EDIT: Now that I think about it, I guess I'm both naturally gregarious and extremely insecure, because, when I feel comfortable talking, I talk a lot, but if I don't, then I don't.

[ Sunday, June 05, 2005 06:09: Message edited by: PoD person ]
Posts: 293 | Registered: Saturday, May 29 2004 07:00
Electric Sheep One
Member # 3431
Profile #177
What did I learn in my undergraduate education?
Well, since I immediately went on to graduate school and stayed in the academic world after that, the actual content of my physics courses really was important to me. Partial differential equations and the calculus of variations have been my bread and butter.

But I think I learned more general things as well. I took a two-semester 'history of western thought' course that has kept me in the loop for a very wide range of discussions for twenty years. I took a bunch of English lit courses, and learned to write a lot better -- the best way to learn to write is to write a lot of papers and get them critiqued.

I took enough pure math courses to absorb something of what truly rigorous thinking is like.

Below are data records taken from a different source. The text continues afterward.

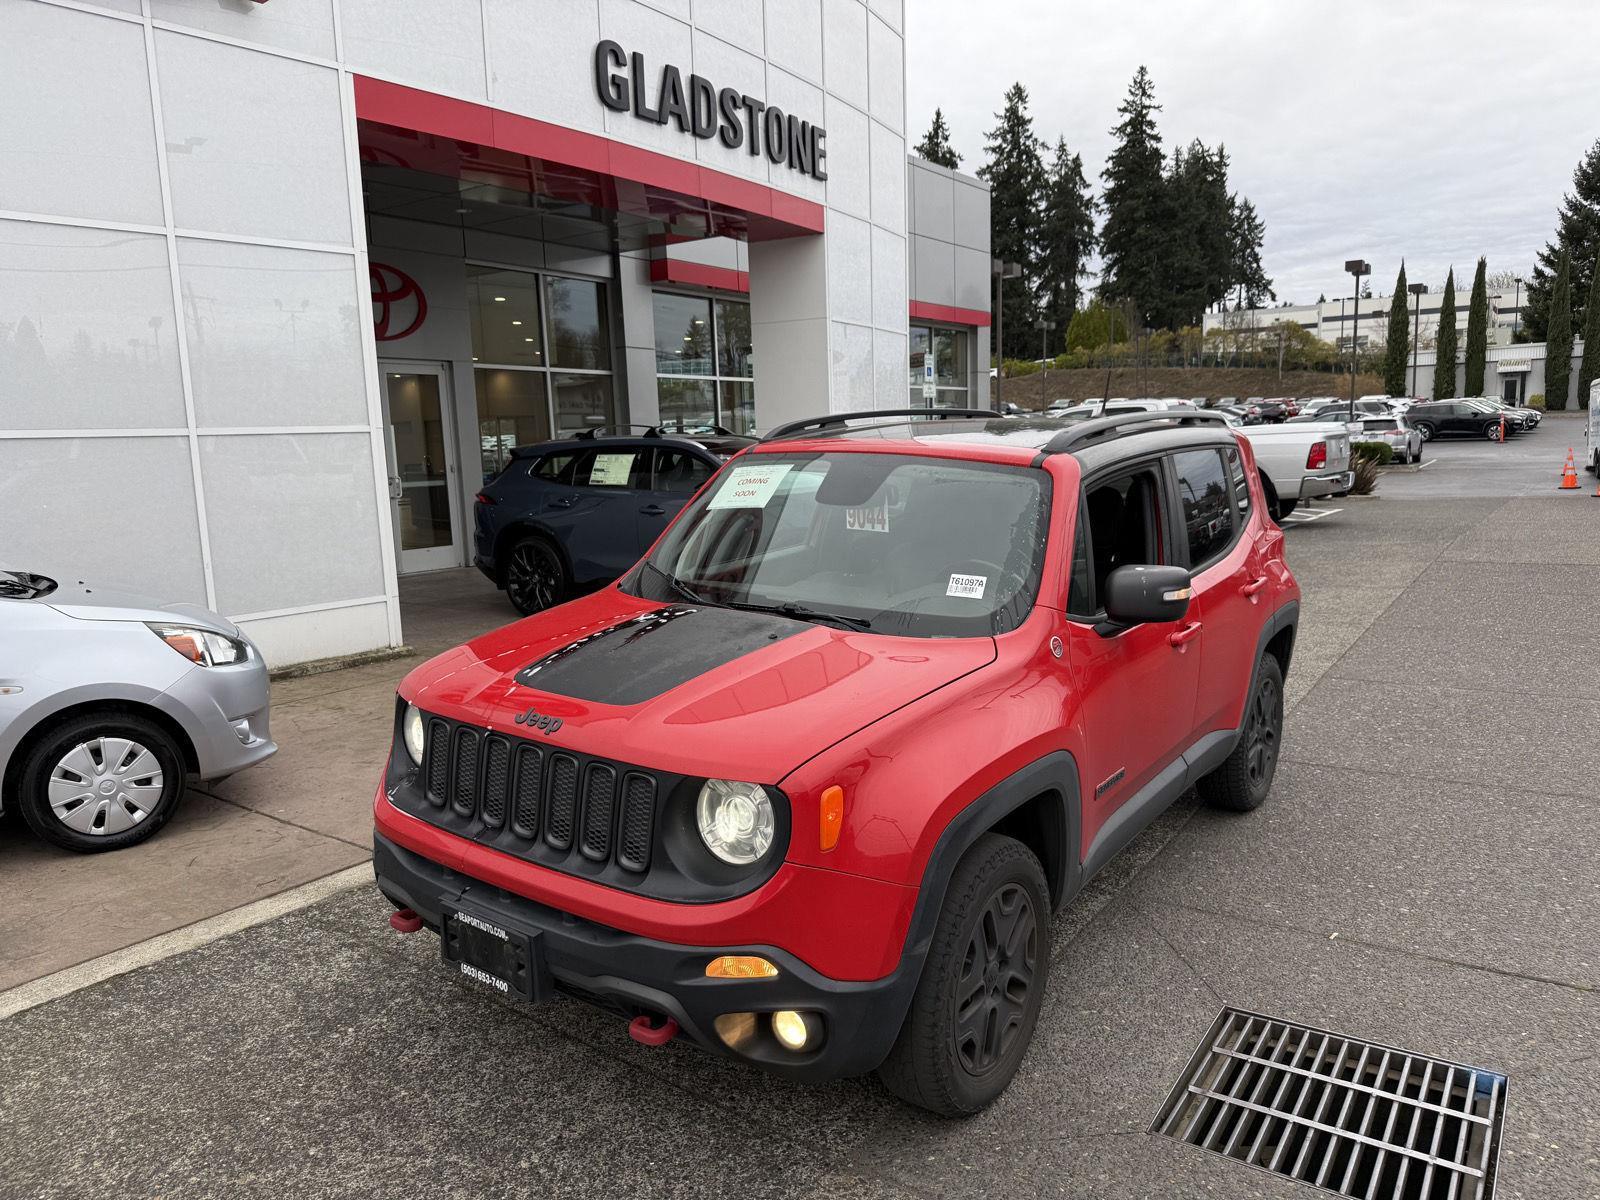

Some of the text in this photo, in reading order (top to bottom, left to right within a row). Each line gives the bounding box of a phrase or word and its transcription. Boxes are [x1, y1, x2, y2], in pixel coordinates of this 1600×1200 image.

[595, 39, 828, 181] GLADSTONE
[737, 477, 769, 486] COMING
[848, 509, 886, 531] 9044
[951, 577, 984, 587] T61097A
[515, 707, 563, 735] Jeep
[458, 911, 506, 939] SEAPORTAUTO.COM

There are good reasons why rigor only happens in math (like the fact that rigor depends on meaninglessness), but it makes you valuably more hard-nosed about all other kinds of thinking, to have seen the mathematical elephant.

[Archaic reference to US civil war slang, as gleaned from Stephen Crane's The Red Badge of Courage: to 'see the elephant' was to see combat -- something unforgettable but impossible to describe.]

And physics itself is a great way to learn critical thinking, because it teaches you two wonderful basic facts about the universe: that things are often a lot simpler than they seem, but that there are also an awful lot of subtle ways of being simply wrong. These are platitudes if all you do is mention them, but if they infect your instincts, like benign viruses, they make you a different kind of person. A really good undergraduate physics education can be, at least for some people, a sort of psychic geneforge.

Here, though, is my concern. All these great transferrable skills, that can be picked up from a good undergraduate education, come as side-effects and by-products, of a curriculum which is not explicitly devoted to them. Could we perhaps do even better, for more people, by deliberately and explicitly training the 'side effects'?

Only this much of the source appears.